Na extensa bibliografia que publicou, sobressaem também as obras dedicadas ao pragmatismo, entre estas: Pragmatismo, um novo nome para alguns antigos modos de pensar (1907); O significado da verdade (1909) eEnsaios sobre empirismo radical (1911).
O próprio James considerava que o cerne do pragmatismo consistia no novo entendimento da verdade. Recusa a conceituação tradicional que a entende como concordância entre o pensamento e a realidade, bem como na identificação entre verdade e coerência racional. Para James, uma proposição é verdadeira quando funciona, isto é, revela-se eficaz em relação ao objeto a que se refere, permite orientar-nos na realidade e conduzir-nos de uma experiência a outra. Assim, a verdade não é algo rígido e estabelecido para sempre, modifica-se e desenvolve-se (“cresce”).
Em As variedades da experiência religiosa, James distingue juízo existencial de juízo espiritual, distinção relevante para avaliar seu significado. Assim, escreve: “O que se chama de crítica superior da Bíblia não passa de um estudo da Bíblia do ponto de vista existencial”. Perguntar o que tinham em mente, quando proferiram suas afirmações, corresponde a uma pergunta de caráter histórico e não pode, por si só, responder a esta outra: “que utilidade pode ter para nós como guia de vida e revelação”.
O denominado “materialismo médico” – que atribui as manifestações religiosas a uma origem patológica – também é criticado. James não nega que possam provir de pessoas neuróticas ou mesmo psicóticas. Contudo, esta busca de uma origem – do mesmo modo que sua identificação com perversões sexuais – não permite determinar o seu valor. Conclui deste modo: “Argumentar, portanto, com a causação orgânica de um estado de espírito religioso, para refutar-lhe a pretensão de possuir um valor espiritual superior, é totalmente ilógico e arbitrário. ... nenhum de nossos pensamentos e sentimentos, nem mesmo nossas doutrinas científicas... poderiam ter valor como revelação, pois cada uma delas, sem exceção, dimana do estado do corpo do seu possuidor, naquele momento”.
Os únicos critérios legítimos são: a luminosidade imediata, a razoabilidade filosófica e o valor moral.
A vida religiosa deve ser julgada apenas pelos resultados. Contudo, o estudo existencial de suas condições tem este mérito: “A massa de fenômenos colaterais, mórbidos ou sãos, com que precisamos cotejar os vários fenômenos religiosos, para melhor compreendê-los, forma o que a gíria psicológica denomina de “massa aperceptiva”, pela qual os compreendemos”. James supõe que a singularidade de sua análise reside precisamente na amplitude da massa aperceptiva que mobiliza. Com efeito, é deveras imensa a quantidade de relatos em cuja análise se detém.
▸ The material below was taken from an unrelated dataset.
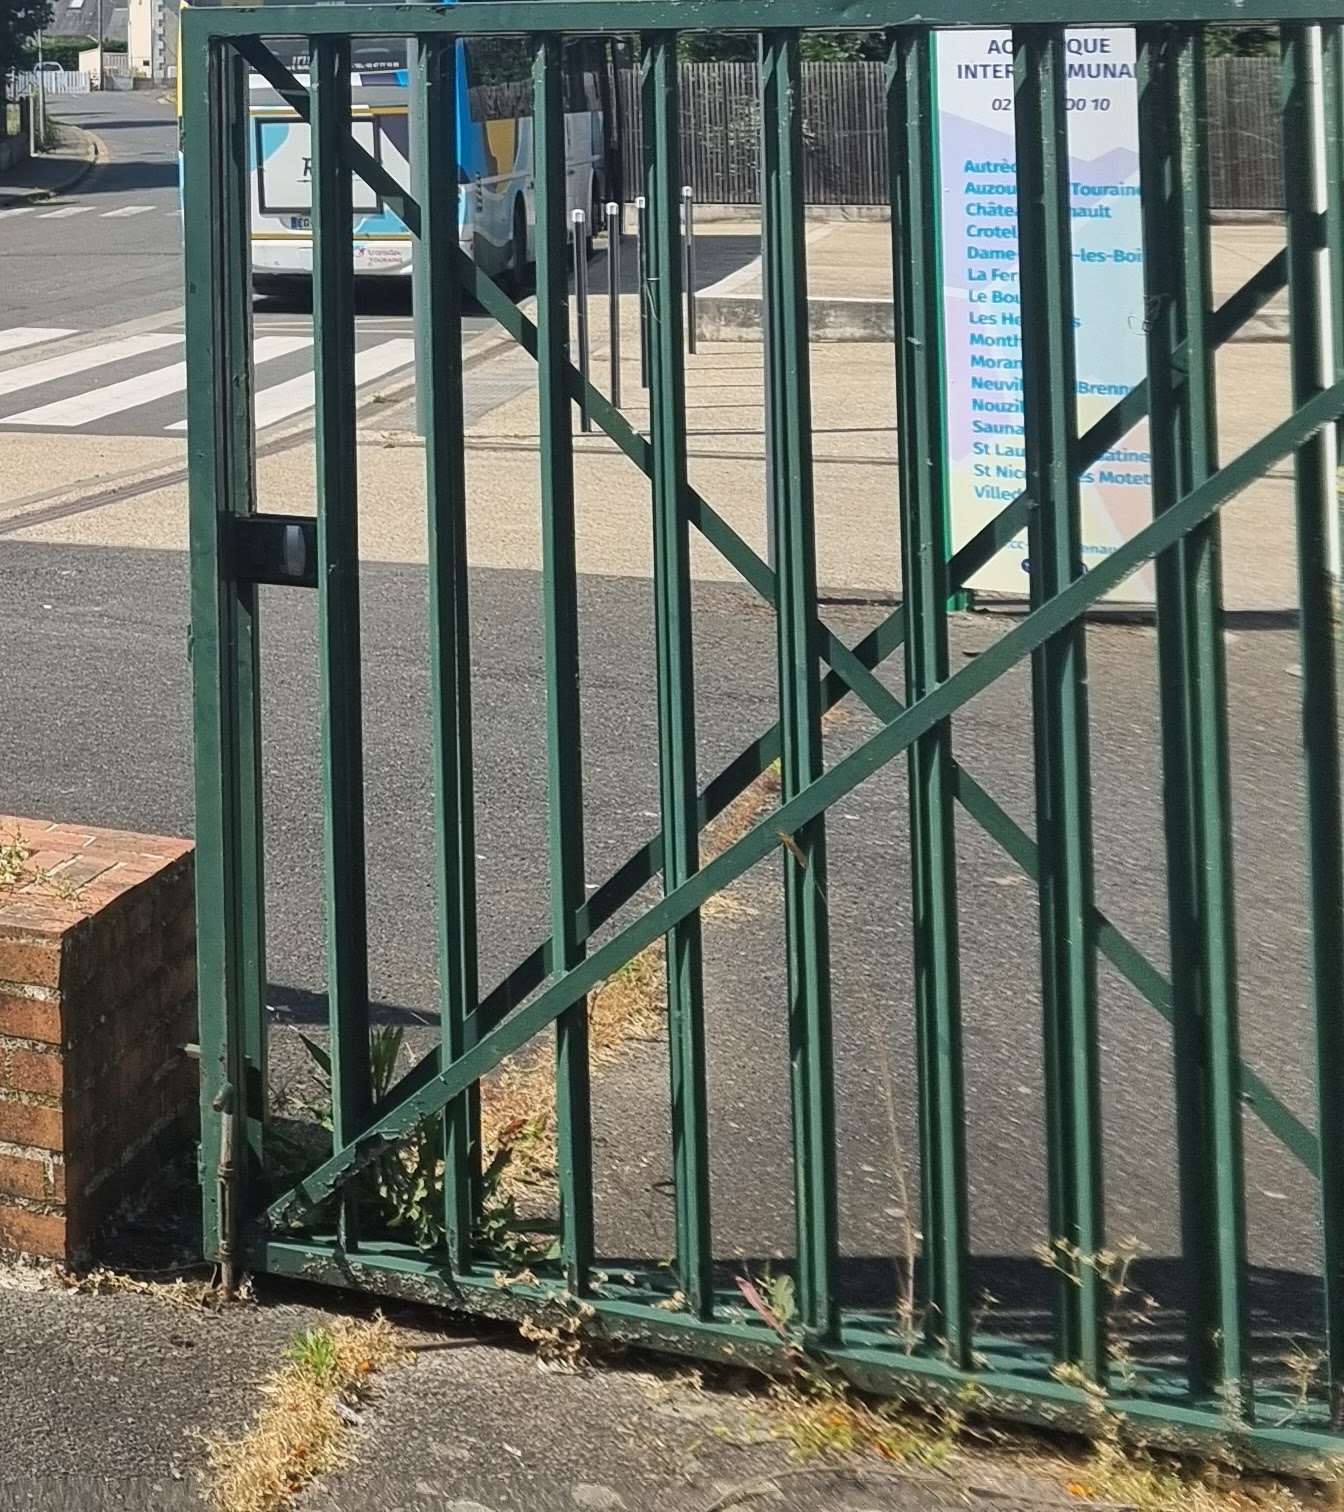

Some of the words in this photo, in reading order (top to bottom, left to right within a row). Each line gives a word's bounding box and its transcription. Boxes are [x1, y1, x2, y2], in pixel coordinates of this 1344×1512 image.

Classifica essas experiências em alguns grupos, iniciando por aquele que retrata equilíbrio mental e postura otimista, confrontado ao estado típico de morbidez e melancolia.
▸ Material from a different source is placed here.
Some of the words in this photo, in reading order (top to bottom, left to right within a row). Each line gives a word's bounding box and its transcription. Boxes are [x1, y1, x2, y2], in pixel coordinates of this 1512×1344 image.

James considera que a busca da felicidade, em geral, consiste numa das principais preocupações dos homens. Por isto mesmo não deve surpreender que muitos entendam que a felicidade, proporcionada por determinada crença religiosa, constitui prova suficiente de sua verdade. Arrola nessa categoria diversos movimentos religiosos verificados nos Estados Unidos, entre estes o luterano e o weslyano. O seu traço característico seria a total entrega, de que resulta alteração instantânea. Afirma tratar-se de “forma fundamental da experiência humana, qualquer que seja a sua significação final”. Descreve-a deste modo: “Passividade, não-atividade, relaxação, não-concentração, será agora a regra. Desista do sentimento de responsabilidade, solte o que está segurando, confie o cuidado do seu destino a poderes mais altos, seja genuinamente indiferente ao que será feito de tudo, e descobrirá não só que ganhou um perfeito alívio interior, mas muitas vezes também, de quebra, os próprios bens aos quais supunha estar renunciando. Esta é a salvação através do desespero, o morrer para nascer de verdade da teologia luterana, a passagem para o nada ... Para chegar a isto, faz-se mister, quase sempre, ultrapassar um ponto crítico, virar uma esquina dentro de nós mesmos. Há que ceder alguma coisa, uma dureza nativa deve quebrar-se e liquefazer-se; e esse acontecimento ... não raro, é repentino e automático, e deixa no sujeito uma impressão de ter sido manejado por um poder de fora”.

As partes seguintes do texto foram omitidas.